I found myself whipped off of my feet and then under the horse where it drug me out the door and around the corral. I could see its back feet thundering towards me and feel its front feet pounding near my head as I bumped and bounced along the hardened dirt and gravel on my back. I was terrified, but there was nothing I could do about it until the horse stopped.
When it finally stopped running and stood still I was lying on the ground with my arm up above my head still tied to its massive neck. I got up, dazed, and frantically tried to get the twine from around my wrist. I talked as soothingly to the horse as I could with my quivering voice and even patted its neck a little to try and calm it so that it would not bolt again. Tears burned my eyes as I felt a kind of hopelessness ascending in my throat the longer I stood there unable to free myself.
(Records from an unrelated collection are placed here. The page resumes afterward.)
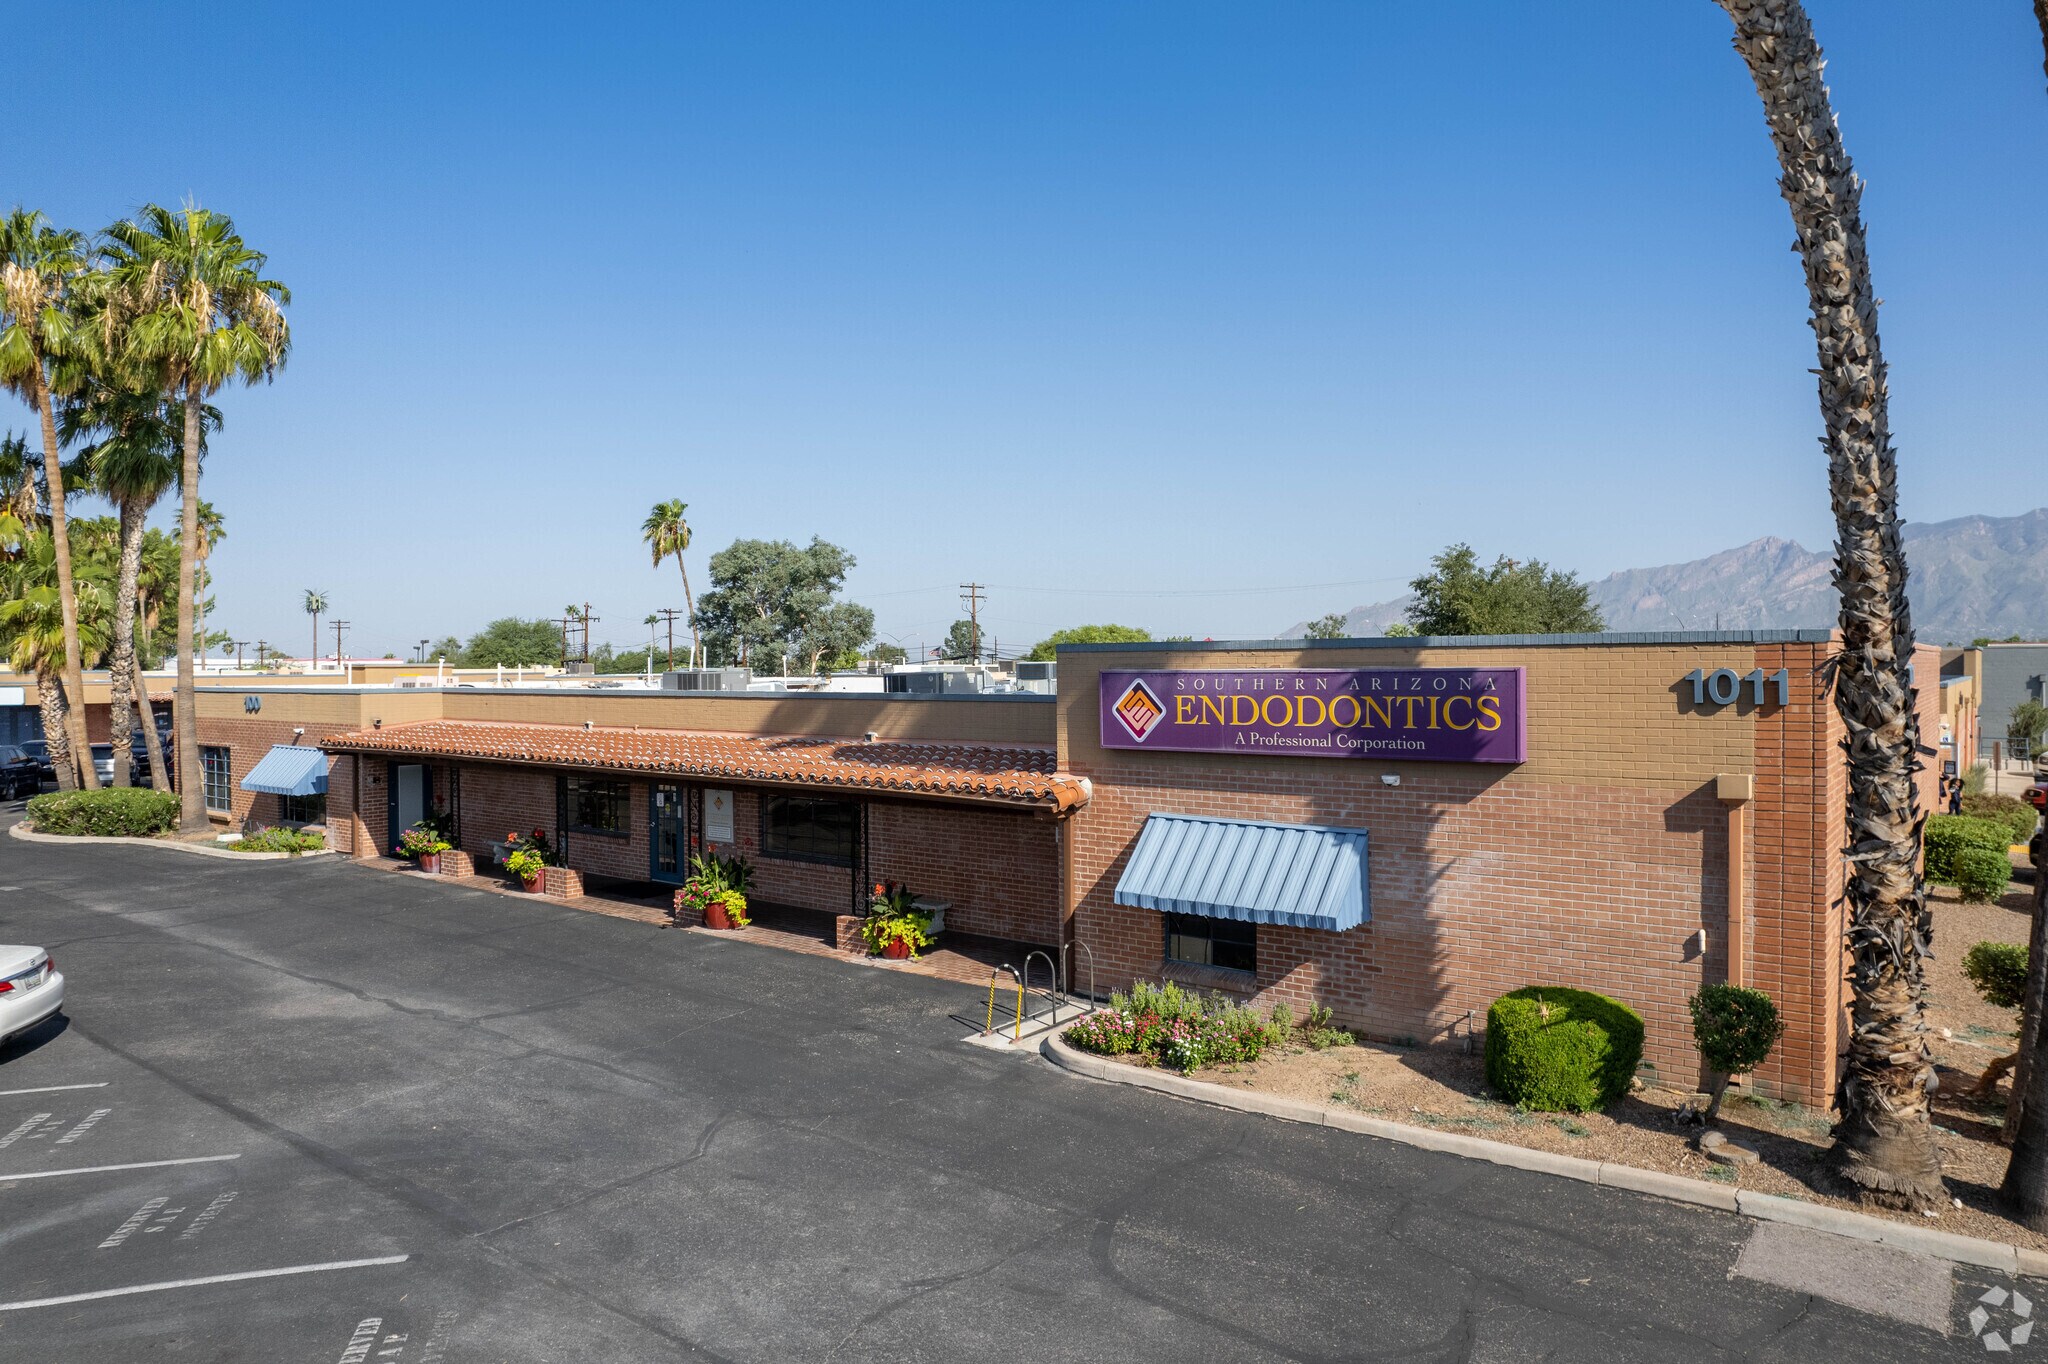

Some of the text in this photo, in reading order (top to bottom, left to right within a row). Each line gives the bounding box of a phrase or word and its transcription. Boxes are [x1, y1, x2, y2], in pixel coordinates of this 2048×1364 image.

[1177, 677, 1497, 691] SOUTHERN ARIZONA
[1685, 667, 1789, 706] 1011
[1174, 694, 1502, 731] ENDODONTICS
[1235, 732, 1425, 752] A Professional Corporation
[96, 1196, 170, 1248] RESERVED
When I finally got myself free I ran to a short concrete wall that surrounded a raised area in the center of the corral and jumped up onto it. My friend was there waiting for me, eyes as big as fifty cent pieces. We were safe from the horse there in the circle, but still inside of the corral. I don't remember whose idea it was, but we started throwing rocks at the horse as it ran around and when it finally ran back into its stall we hightailed it for the fence and climbed out of the danger zone.
Only then did I calm down enough to take an appraisal of my injuries. Other than what felt to be a broken or jammed finger I felt relatively unharmed. My friend went home and I slinked back to my house, ashamed of what I'd done. I told my Mom I'd hurt my finger, but not how I'd done it, and it turned out to be nothing much. When I later took off my shirt in my room I found the perfectly symmetrical outline of a horseshoe print in the middle of it where my chest had been, like some kind of sport's team jersey.
It was the first of several such incidents in my life that I look back upon now and wonder why I am still here.